Task brief
Every entry must be output exactly as it was written.

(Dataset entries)

<<<<

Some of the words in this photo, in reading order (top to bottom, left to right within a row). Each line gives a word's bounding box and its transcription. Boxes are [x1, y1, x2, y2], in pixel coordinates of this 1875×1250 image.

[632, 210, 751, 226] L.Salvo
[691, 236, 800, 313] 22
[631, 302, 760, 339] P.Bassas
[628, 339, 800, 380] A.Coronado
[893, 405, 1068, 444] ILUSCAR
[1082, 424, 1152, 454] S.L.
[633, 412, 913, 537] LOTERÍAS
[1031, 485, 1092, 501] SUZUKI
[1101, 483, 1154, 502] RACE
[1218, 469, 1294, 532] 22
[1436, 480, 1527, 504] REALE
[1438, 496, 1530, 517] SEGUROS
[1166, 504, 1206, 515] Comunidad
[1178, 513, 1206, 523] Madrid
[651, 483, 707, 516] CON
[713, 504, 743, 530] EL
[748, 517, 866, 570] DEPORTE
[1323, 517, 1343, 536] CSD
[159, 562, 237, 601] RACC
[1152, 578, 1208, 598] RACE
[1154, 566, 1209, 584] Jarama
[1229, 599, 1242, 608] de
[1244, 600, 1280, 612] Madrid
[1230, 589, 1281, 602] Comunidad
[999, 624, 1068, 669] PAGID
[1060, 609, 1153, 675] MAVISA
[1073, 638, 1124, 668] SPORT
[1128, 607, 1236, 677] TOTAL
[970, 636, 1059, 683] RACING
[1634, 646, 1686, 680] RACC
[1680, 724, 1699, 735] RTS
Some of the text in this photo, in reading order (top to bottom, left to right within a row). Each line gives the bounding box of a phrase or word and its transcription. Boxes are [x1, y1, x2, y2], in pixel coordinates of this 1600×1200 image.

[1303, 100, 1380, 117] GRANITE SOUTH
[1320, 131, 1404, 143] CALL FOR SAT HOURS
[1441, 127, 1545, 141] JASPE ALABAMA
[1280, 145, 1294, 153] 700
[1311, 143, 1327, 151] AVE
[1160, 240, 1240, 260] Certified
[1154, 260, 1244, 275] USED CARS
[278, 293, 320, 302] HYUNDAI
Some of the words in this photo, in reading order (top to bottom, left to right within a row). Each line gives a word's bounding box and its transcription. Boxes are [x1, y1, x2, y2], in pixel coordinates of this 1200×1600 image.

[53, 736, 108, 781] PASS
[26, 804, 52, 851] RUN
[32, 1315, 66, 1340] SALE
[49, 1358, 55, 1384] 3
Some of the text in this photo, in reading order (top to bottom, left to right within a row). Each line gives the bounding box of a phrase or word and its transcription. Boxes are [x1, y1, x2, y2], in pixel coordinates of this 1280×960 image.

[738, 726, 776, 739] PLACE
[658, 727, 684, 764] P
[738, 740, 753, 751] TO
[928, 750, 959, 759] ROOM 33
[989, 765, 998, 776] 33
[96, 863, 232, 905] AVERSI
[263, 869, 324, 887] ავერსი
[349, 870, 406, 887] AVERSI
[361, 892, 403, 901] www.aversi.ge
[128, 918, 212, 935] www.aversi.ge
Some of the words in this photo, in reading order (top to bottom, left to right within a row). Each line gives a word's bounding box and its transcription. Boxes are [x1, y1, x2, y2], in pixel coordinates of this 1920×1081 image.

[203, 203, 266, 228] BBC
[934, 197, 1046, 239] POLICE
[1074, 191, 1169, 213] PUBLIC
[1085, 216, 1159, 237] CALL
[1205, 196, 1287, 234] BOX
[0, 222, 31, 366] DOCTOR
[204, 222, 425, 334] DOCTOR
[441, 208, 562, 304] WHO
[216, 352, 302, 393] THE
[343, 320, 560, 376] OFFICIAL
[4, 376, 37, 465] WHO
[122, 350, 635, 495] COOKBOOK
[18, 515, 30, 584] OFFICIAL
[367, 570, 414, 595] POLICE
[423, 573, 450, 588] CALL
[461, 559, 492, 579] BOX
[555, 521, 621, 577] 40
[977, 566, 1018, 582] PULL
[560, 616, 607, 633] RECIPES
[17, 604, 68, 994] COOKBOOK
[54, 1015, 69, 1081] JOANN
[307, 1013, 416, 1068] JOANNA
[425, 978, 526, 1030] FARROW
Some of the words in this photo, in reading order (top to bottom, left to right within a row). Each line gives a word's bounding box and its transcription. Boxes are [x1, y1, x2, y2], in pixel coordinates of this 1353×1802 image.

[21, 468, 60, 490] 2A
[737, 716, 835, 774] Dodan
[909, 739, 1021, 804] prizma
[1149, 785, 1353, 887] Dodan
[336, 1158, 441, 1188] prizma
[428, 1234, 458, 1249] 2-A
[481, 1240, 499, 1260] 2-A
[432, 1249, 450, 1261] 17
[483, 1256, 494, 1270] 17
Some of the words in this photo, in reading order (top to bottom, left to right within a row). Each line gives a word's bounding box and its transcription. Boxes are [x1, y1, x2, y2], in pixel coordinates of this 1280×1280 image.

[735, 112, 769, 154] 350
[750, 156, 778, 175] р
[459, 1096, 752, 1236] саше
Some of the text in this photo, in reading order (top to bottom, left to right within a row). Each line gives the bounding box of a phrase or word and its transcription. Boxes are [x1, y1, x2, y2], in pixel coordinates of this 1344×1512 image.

>>>>

Exercise solution
Some of the words in this photo, in reading order (top to bottom, left to right within a row). Each line gives a word's bounding box and its transcription. Boxes are [x1, y1, x2, y2], in pixel coordinates of this 1875×1250 image.

[632, 210, 751, 226] L.Salvo
[691, 236, 800, 313] 22
[631, 302, 760, 339] P.Bassas
[628, 339, 800, 380] A.Coronado
[893, 405, 1068, 444] ILUSCAR
[1082, 424, 1152, 454] S.L.
[633, 412, 913, 537] LOTERÍAS
[1031, 485, 1092, 501] SUZUKI
[1101, 483, 1154, 502] RACE
[1218, 469, 1294, 532] 22
[1436, 480, 1527, 504] REALE
[1438, 496, 1530, 517] SEGUROS
[1166, 504, 1206, 515] Comunidad
[1178, 513, 1206, 523] Madrid
[651, 483, 707, 516] CON
[713, 504, 743, 530] EL
[748, 517, 866, 570] DEPORTE
[1323, 517, 1343, 536] CSD
[159, 562, 237, 601] RACC
[1152, 578, 1208, 598] RACE
[1154, 566, 1209, 584] Jarama
[1229, 599, 1242, 608] de
[1244, 600, 1280, 612] Madrid
[1230, 589, 1281, 602] Comunidad
[999, 624, 1068, 669] PAGID
[1060, 609, 1153, 675] MAVISA
[1073, 638, 1124, 668] SPORT
[1128, 607, 1236, 677] TOTAL
[970, 636, 1059, 683] RACING
[1634, 646, 1686, 680] RACC
[1680, 724, 1699, 735] RTS
Some of the text in this photo, in reading order (top to bottom, left to right within a row). Each line gives the bounding box of a phrase or word and its transcription. Boxes are [x1, y1, x2, y2], in pixel coordinates of this 1600×1200 image.

[1303, 100, 1380, 117] GRANITE SOUTH
[1320, 131, 1404, 143] CALL FOR SAT HOURS
[1441, 127, 1545, 141] JASPE ALABAMA
[1280, 145, 1294, 153] 700
[1311, 143, 1327, 151] AVE
[1160, 240, 1240, 260] Certified
[1154, 260, 1244, 275] USED CARS
[278, 293, 320, 302] HYUNDAI
Some of the words in this photo, in reading order (top to bottom, left to right within a row). Each line gives a word's bounding box and its transcription. Boxes are [x1, y1, x2, y2], in pixel coordinates of this 1200×1600 image.

[53, 736, 108, 781] PASS
[26, 804, 52, 851] RUN
[32, 1315, 66, 1340] SALE
[49, 1358, 55, 1384] 3
Some of the text in this photo, in reading order (top to bottom, left to right within a row). Each line gives the bounding box of a phrase or word and its transcription. Boxes are [x1, y1, x2, y2], in pixel coordinates of this 1280×960 image.

[738, 726, 776, 739] PLACE
[658, 727, 684, 764] P
[738, 740, 753, 751] TO
[928, 750, 959, 759] ROOM 33
[989, 765, 998, 776] 33
[96, 863, 232, 905] AVERSI
[263, 869, 324, 887] ავერსი
[349, 870, 406, 887] AVERSI
[361, 892, 403, 901] www.aversi.ge
[128, 918, 212, 935] www.aversi.ge
Some of the words in this photo, in reading order (top to bottom, left to right within a row). Each line gives a word's bounding box and its transcription. Boxes are [x1, y1, x2, y2], in pixel coordinates of this 1920×1081 image.

[203, 203, 266, 228] BBC
[934, 197, 1046, 239] POLICE
[1074, 191, 1169, 213] PUBLIC
[1085, 216, 1159, 237] CALL
[1205, 196, 1287, 234] BOX
[0, 222, 31, 366] DOCTOR
[204, 222, 425, 334] DOCTOR
[441, 208, 562, 304] WHO
[216, 352, 302, 393] THE
[343, 320, 560, 376] OFFICIAL
[4, 376, 37, 465] WHO
[122, 350, 635, 495] COOKBOOK
[18, 515, 30, 584] OFFICIAL
[367, 570, 414, 595] POLICE
[423, 573, 450, 588] CALL
[461, 559, 492, 579] BOX
[555, 521, 621, 577] 40
[977, 566, 1018, 582] PULL
[560, 616, 607, 633] RECIPES
[17, 604, 68, 994] COOKBOOK
[54, 1015, 69, 1081] JOANN
[307, 1013, 416, 1068] JOANNA
[425, 978, 526, 1030] FARROW
Some of the words in this photo, in reading order (top to bottom, left to right within a row). Each line gives a word's bounding box and its transcription. Boxes are [x1, y1, x2, y2], in pixel coordinates of this 1353×1802 image.

[21, 468, 60, 490] 2A
[737, 716, 835, 774] Dodan
[909, 739, 1021, 804] prizma
[1149, 785, 1353, 887] Dodan
[336, 1158, 441, 1188] prizma
[428, 1234, 458, 1249] 2-A
[481, 1240, 499, 1260] 2-A
[432, 1249, 450, 1261] 17
[483, 1256, 494, 1270] 17
Some of the words in this photo, in reading order (top to bottom, left to right within a row). Each line gives a word's bounding box and its transcription. Boxes are [x1, y1, x2, y2], in pixel coordinates of this 1280×1280 image.

[735, 112, 769, 154] 350
[750, 156, 778, 175] р
[459, 1096, 752, 1236] саше
Some of the text in this photo, in reading order (top to bottom, left to right within a row). Each line gives the bounding box of a phrase or word and its transcription. Boxes are [x1, y1, x2, y2], in pixel coordinates of this 1344×1512 image.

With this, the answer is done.